To bring to the mind’s eye the monks and hermits of the Thai Forest Tradition, see The Thai Buddhist Forest, Thudong: Forest Monks and Hermits of Thailand. It is a quite beautiful, wordless slideshow with an excellent musical soundtrack (1:10:20).
From Thudong: Forest Monks and Hermits of Southeast Asia, we are told
. . . wandering elders or masters with one or two disciples or younger monks, might take up a months-long regimen of travel, sometimes without a particular itinerary, following rivers, forest highlights, mountains, valleys, and the thread of isolated villages for their food, though sometimes wandering monks went without food for days when they lost their way. Such monks could readily pursue the practices of sleeping in the open air under trees and in caves or in cemeteries, all the while adhering to a discipline of meditating in the wilderness.
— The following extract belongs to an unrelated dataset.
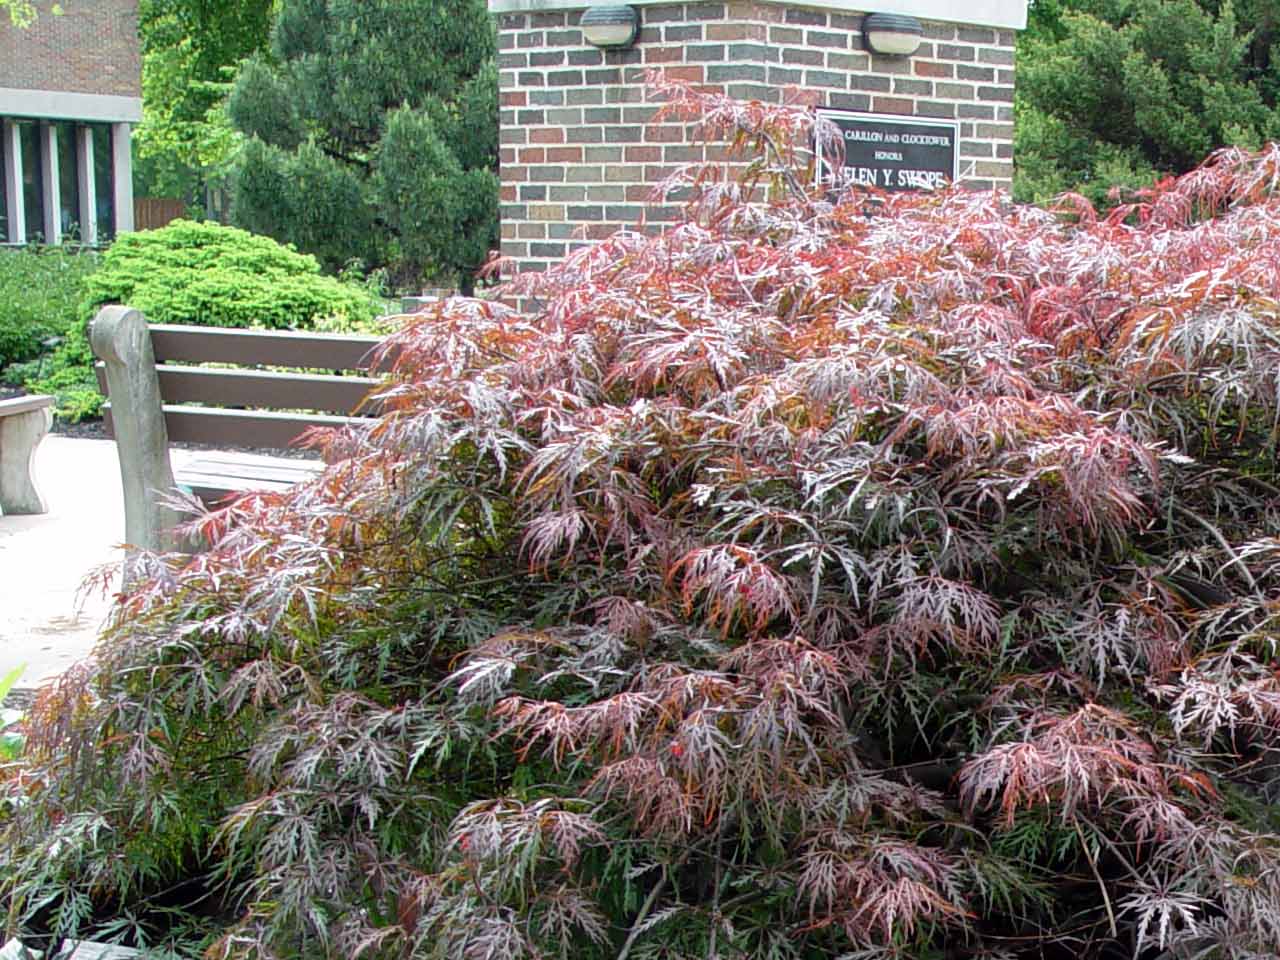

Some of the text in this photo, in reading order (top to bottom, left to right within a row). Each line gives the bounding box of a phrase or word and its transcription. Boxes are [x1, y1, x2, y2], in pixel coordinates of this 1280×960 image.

[884, 133, 900, 143] AND
[901, 134, 950, 146] CLOCKTOWER
[836, 166, 944, 189] ELEN Y. SWOPE
And meditation was, indeed, the core of their practice, in vivid contrast to the pundit monks. One observer summarizes the motivation of the ascetic monks thusly:
They knew that if they studied the dhamma without practicing it, they would remain unaware of its deeper meaning. They realized that the value of the dhamma was not to be found in reading and studying but in training the mind through the thudong life. Finally, they understood that the best place to study the Buddha’s teachings was not in a comfortable monastery but in their own school, their own university: the heart of the forest, a grove, the shade of a single tree, the cemetery, the open air, the slope of a mountain, the foot of a mountain, a valley. They believed that such places were recommended by the Buddha as the supreme university.
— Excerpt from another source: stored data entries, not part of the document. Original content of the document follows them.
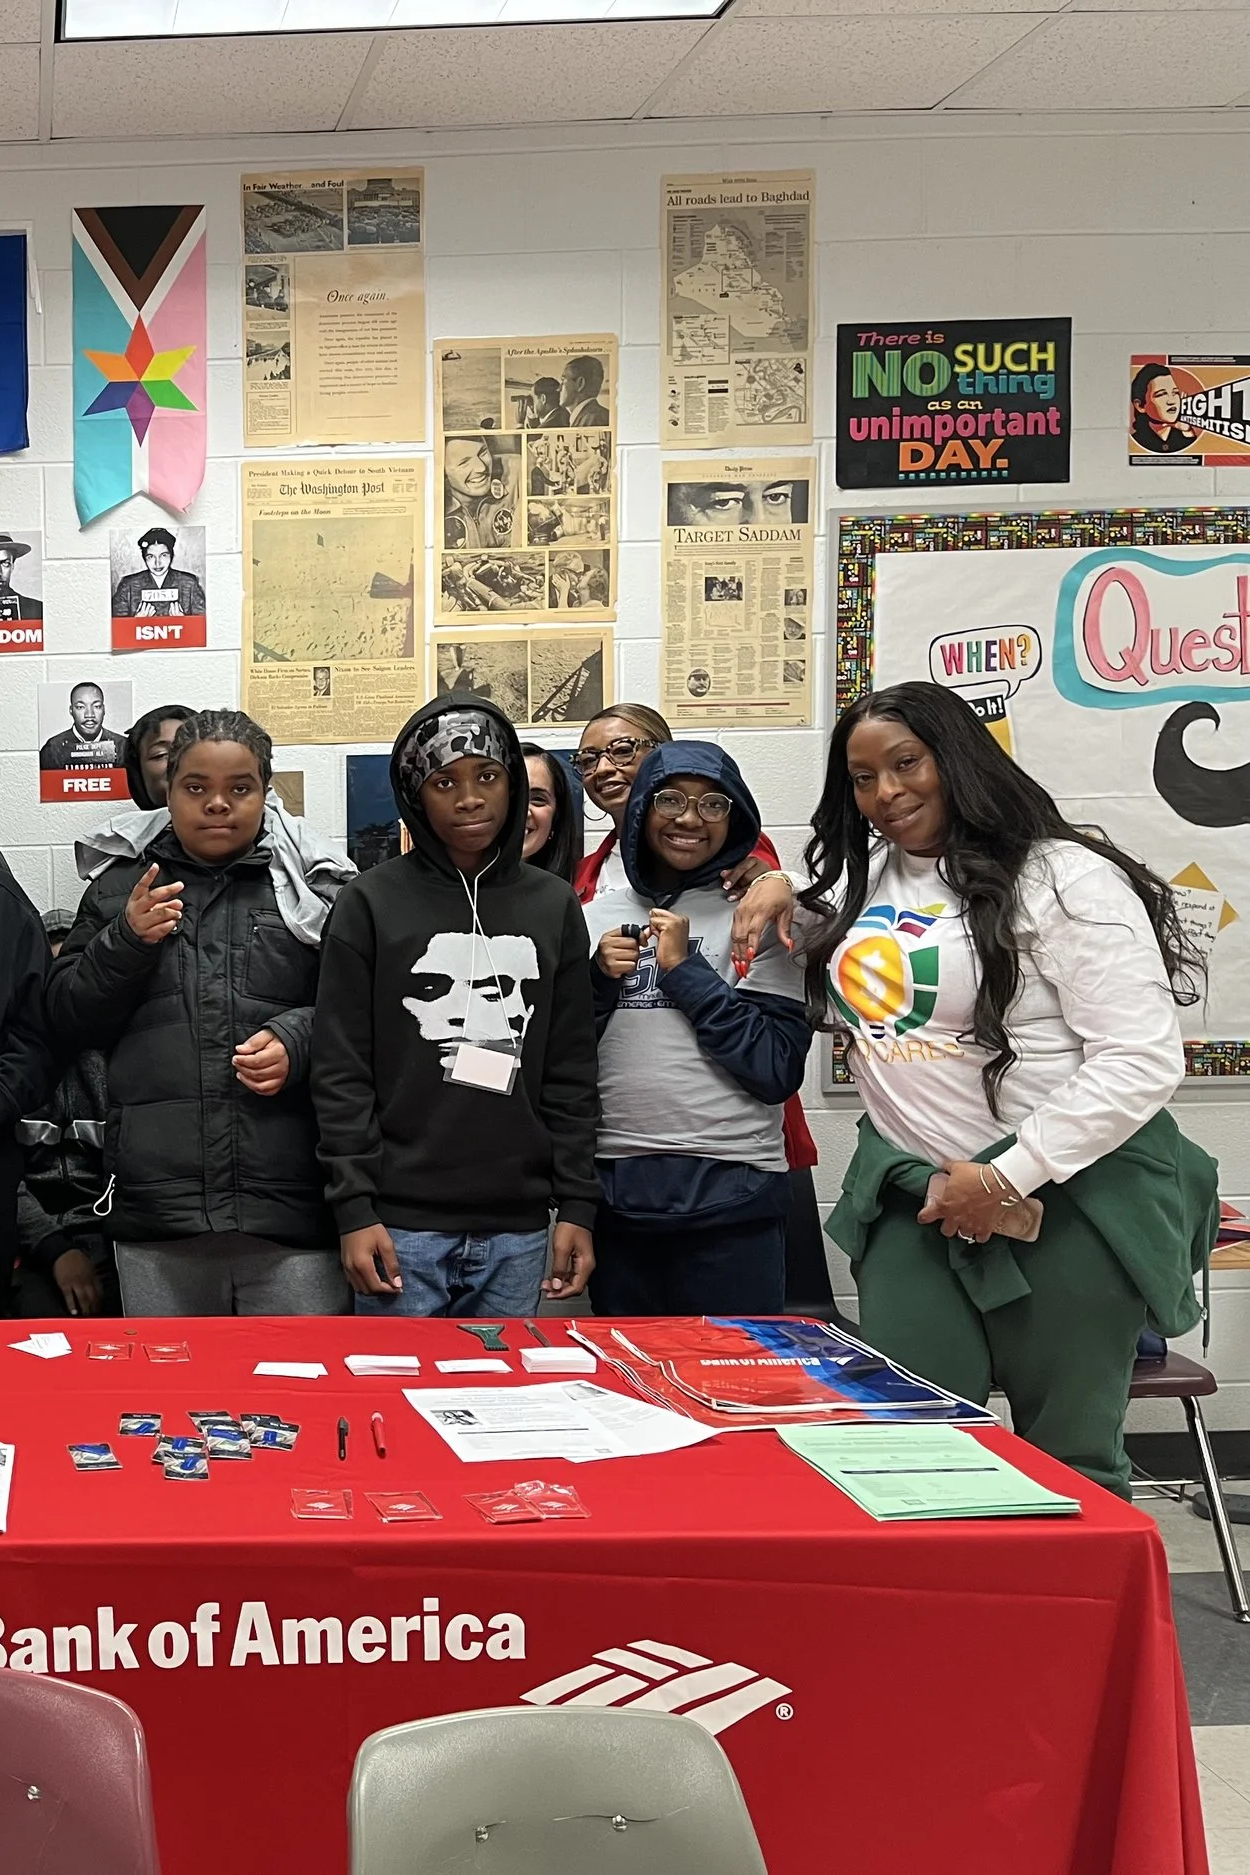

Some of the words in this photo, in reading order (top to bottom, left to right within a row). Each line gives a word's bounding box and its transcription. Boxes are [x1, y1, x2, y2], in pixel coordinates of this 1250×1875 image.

[252, 183, 266, 191] Fair
[311, 181, 325, 189] and
[667, 196, 682, 206] All
[685, 194, 716, 206] roads
[720, 193, 742, 204] lead
[746, 193, 758, 203] to
[761, 190, 810, 204] Baghdad
[327, 289, 354, 303] Once
[857, 331, 921, 346] There
[925, 330, 945, 344] is
[852, 350, 951, 398] NO
[954, 341, 1056, 374] SUCH
[957, 369, 1056, 400] thing
[927, 400, 952, 411] as
[957, 399, 983, 410] an
[850, 407, 1061, 446] unimportant
[1180, 415, 1250, 443] ANTISEMITIS
[899, 438, 1008, 472] DAY.
[248, 470, 278, 478] President
[312, 468, 332, 476] Quick
[279, 484, 298, 496] The
[300, 482, 358, 497] Washington
[362, 482, 385, 496] Post
[674, 528, 734, 543] TARGET
[738, 527, 801, 542] SADDAM
[136, 626, 183, 640] ISN'T
[940, 634, 1032, 676] WHEN?
[986, 698, 1004, 715] It!
[63, 778, 112, 792] FREE
[148, 1602, 220, 1668] of
[230, 1598, 526, 1668] America
For more information about the thudong tradition, watch the Ajahn Siripanyo video, Dhutanga: Spirit of Thudong (47:02). (It is but one of 19 videos documenting an Ajahn Chah Remembrance Day celebration in Malaysia, commemorating the 20th anniversary of the passing of Ajahn Chah on January 16, 1992.)
There is also an excellent extended article on the subject by Bhikkhu Khantipalo entitled, With Robes and Bowl, Glimpses of the Thudong Bhikkhu Life.